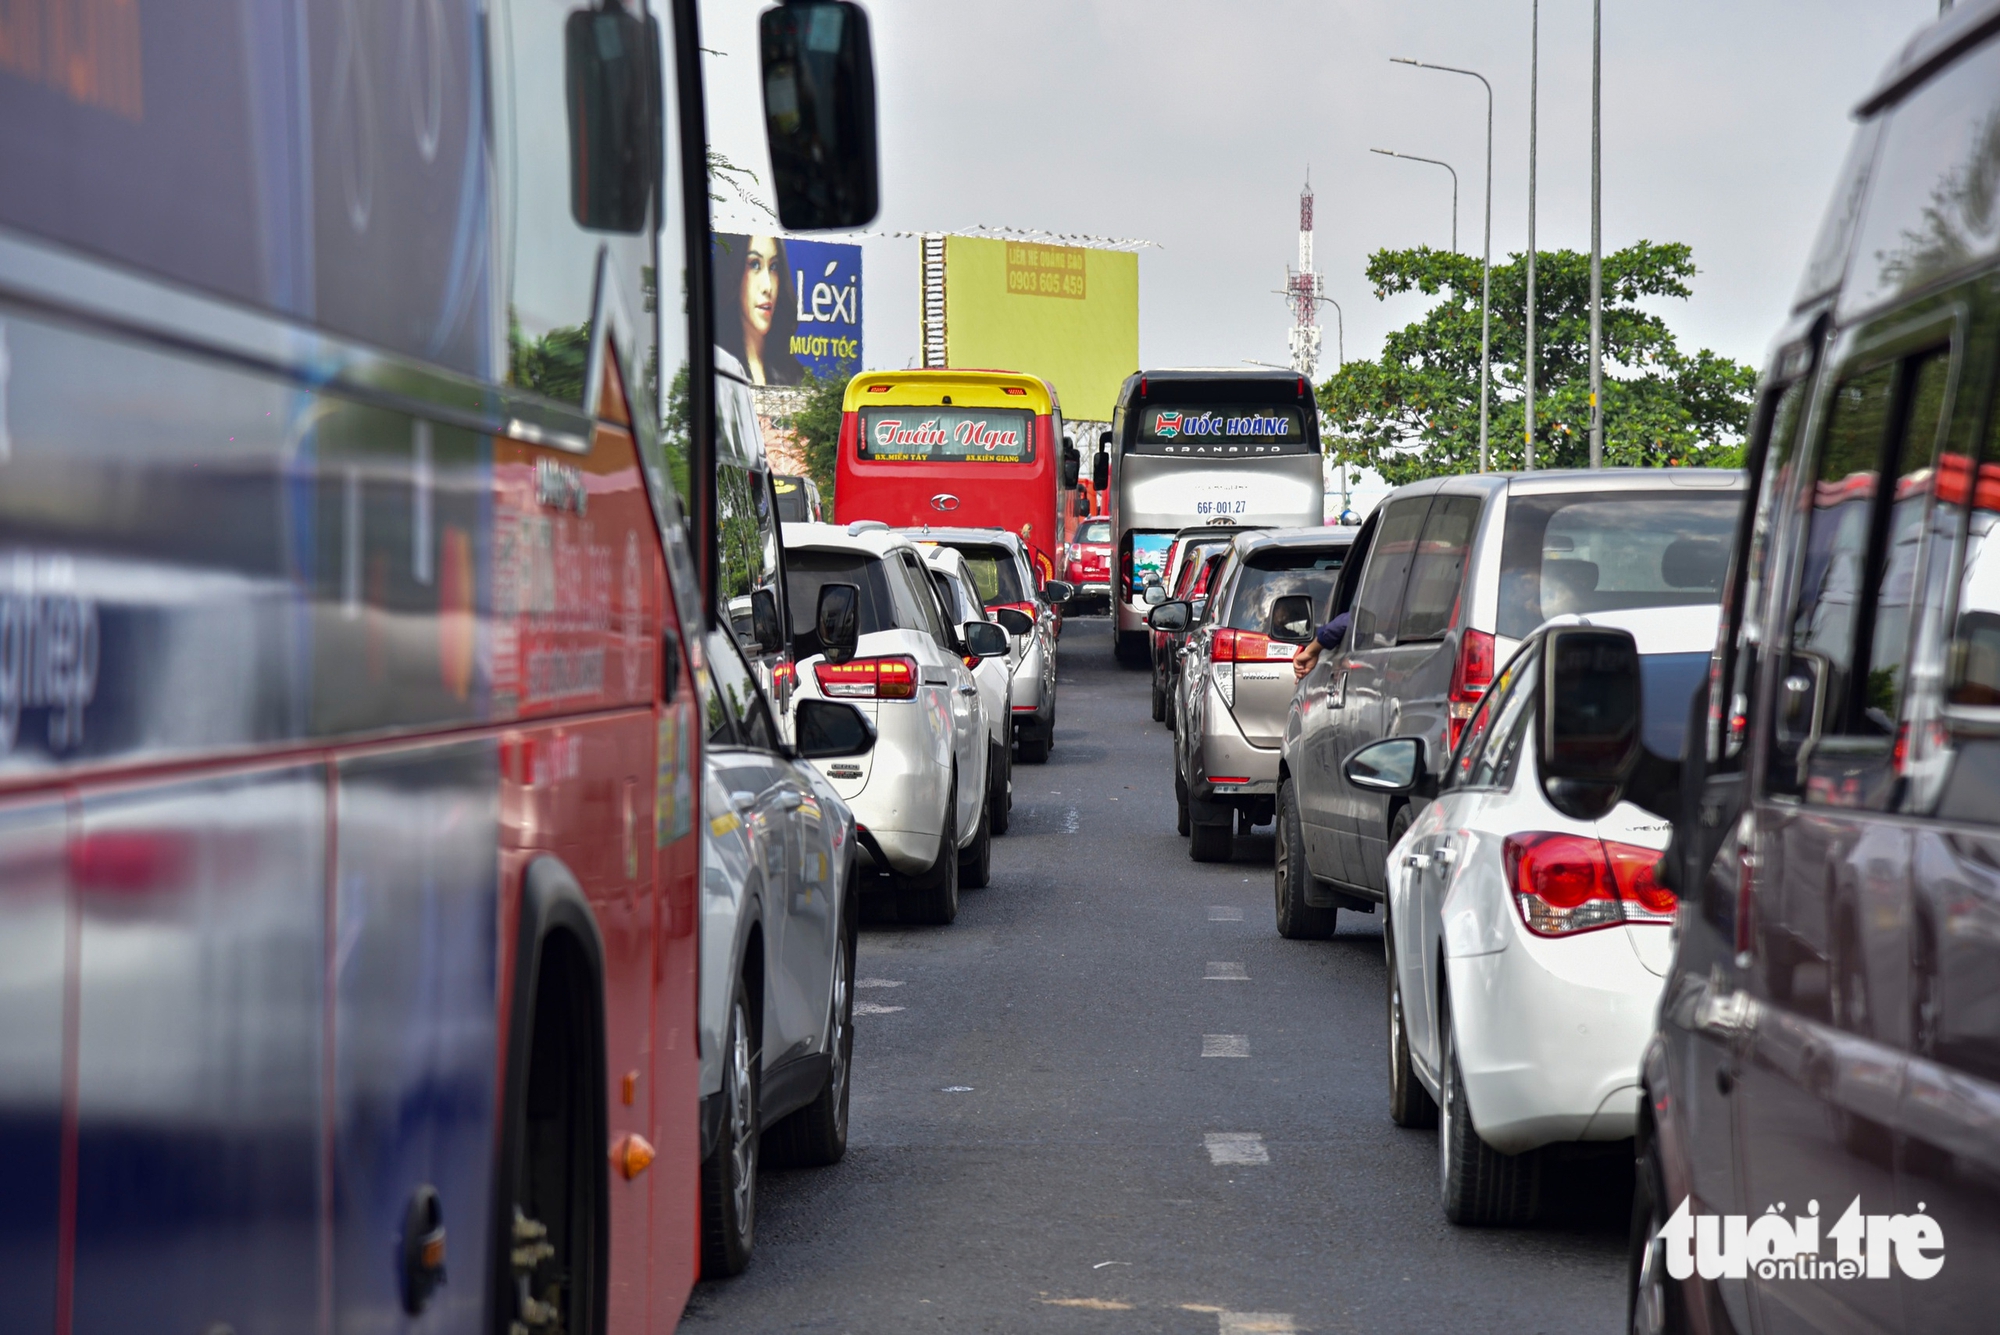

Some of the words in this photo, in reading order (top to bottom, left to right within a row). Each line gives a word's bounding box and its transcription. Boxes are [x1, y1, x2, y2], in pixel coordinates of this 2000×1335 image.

[797, 261, 857, 325] Léxi
[1009, 270, 1036, 291] 0903
[1039, 272, 1060, 293] 605
[1063, 274, 1084, 296] 459
[789, 335, 829, 362] MƯỢT
[830, 335, 858, 359] TÓC
[875, 419, 949, 446] Tuấn
[954, 420, 1019, 451] Nga
[1197, 500, 1246, 514] 66F-001.27
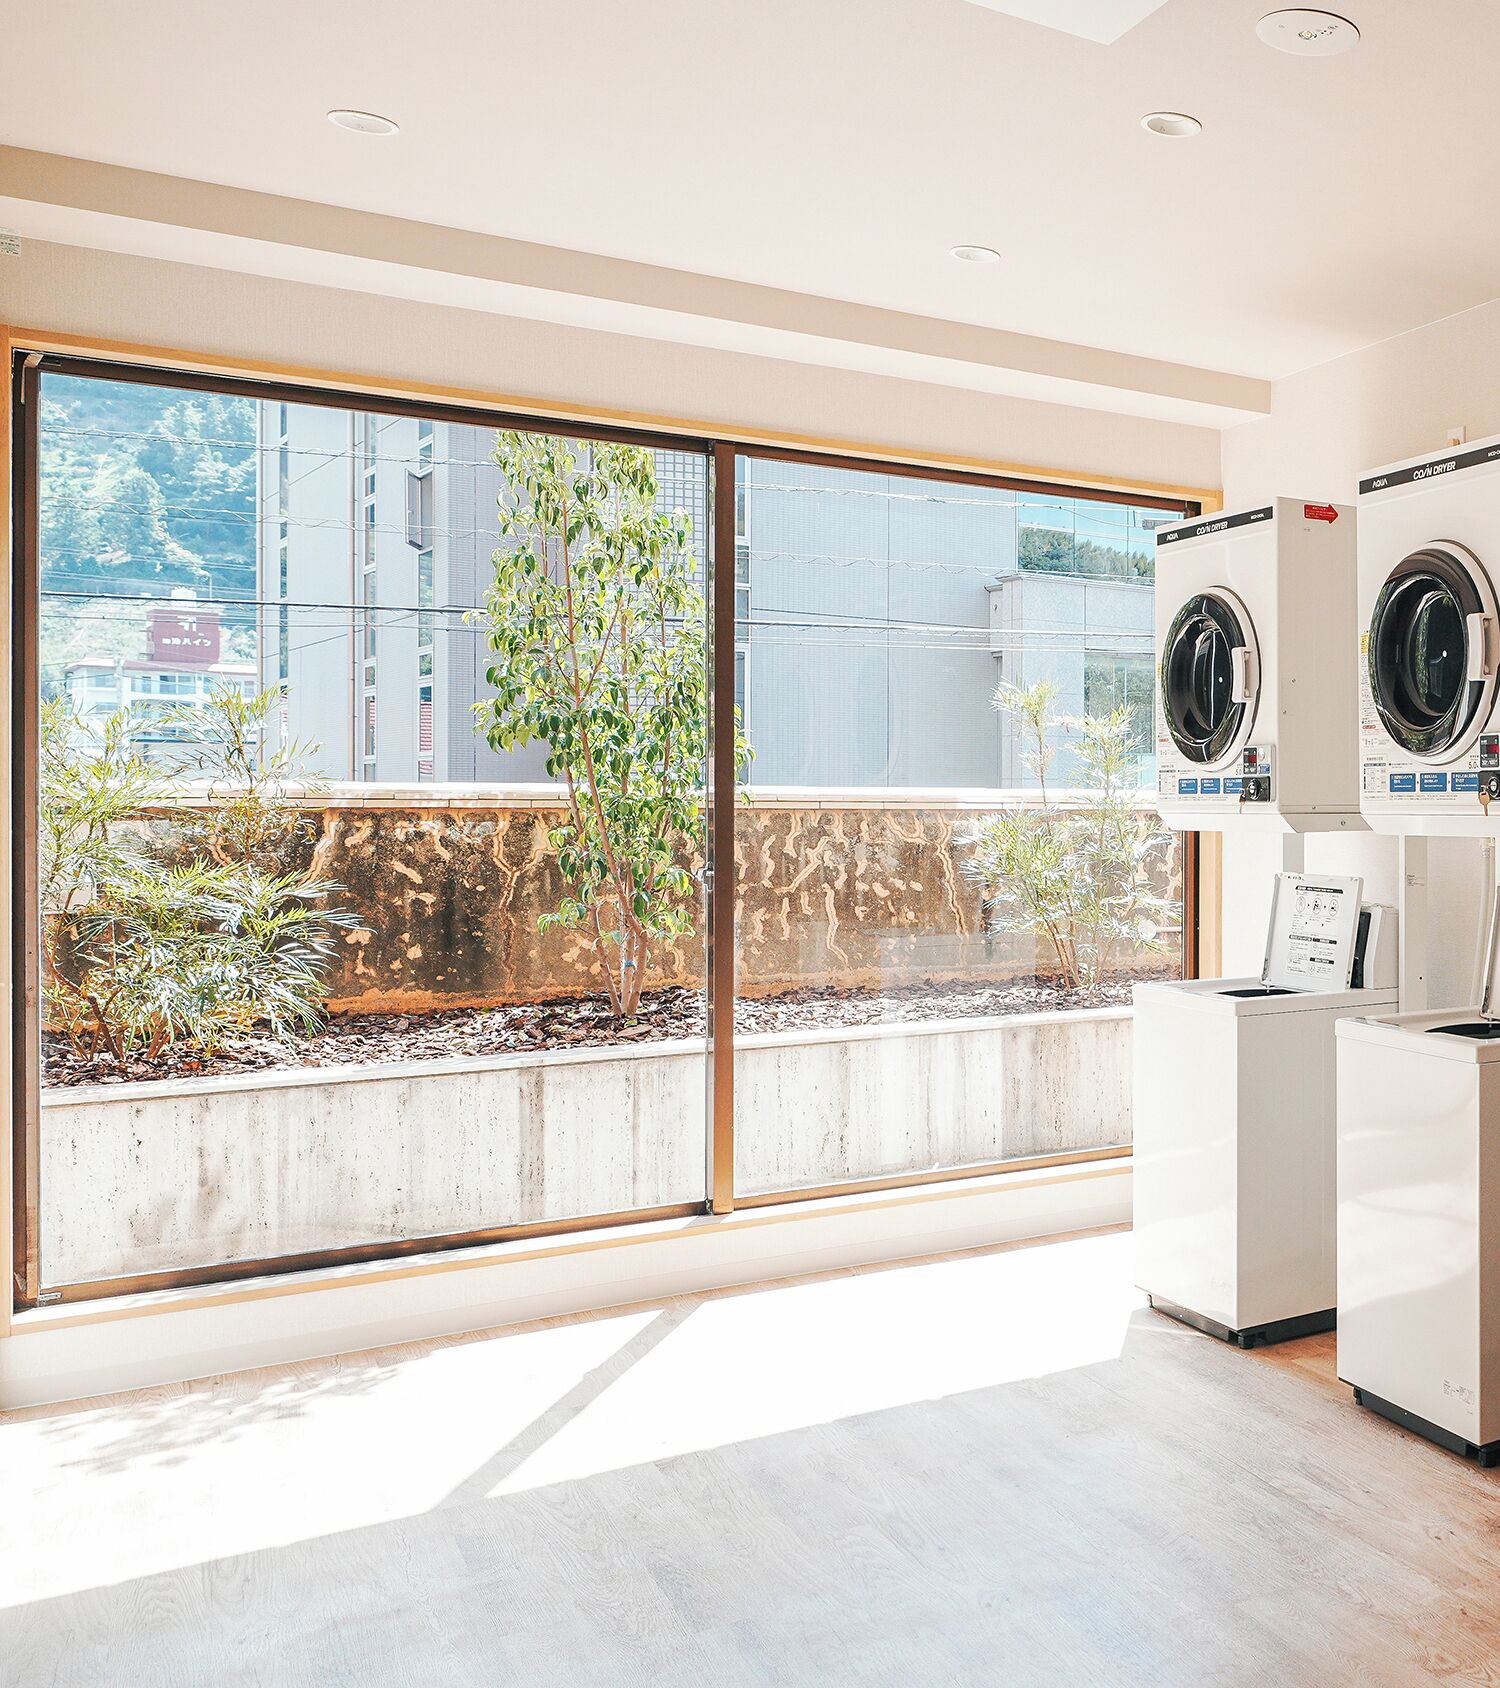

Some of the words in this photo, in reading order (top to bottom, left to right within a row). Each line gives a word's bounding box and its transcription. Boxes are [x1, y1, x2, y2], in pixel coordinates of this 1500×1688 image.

[1433, 461, 1456, 475] DRYER
[1371, 478, 1388, 488] AQUA
[1211, 520, 1229, 532] DRYER
[1166, 532, 1179, 541] AQUA

====================

__TASK STATEMENT__. Once the line with "this 1500×1688 image." is found, write out that line and every one after it through the last line of the records, exactly and with nothing else.

__OUTPUT FOR THIS TASK__.
Some of the words in this photo, in reading order (top to bottom, left to right within a row). Each line gives a word's bounding box and its transcription. Boxes are [x1, y1, x2, y2], in pixel coordinates of this 1500×1688 image.

[1433, 461, 1456, 475] DRYER
[1371, 478, 1388, 488] AQUA
[1211, 520, 1229, 532] DRYER
[1166, 532, 1179, 541] AQUA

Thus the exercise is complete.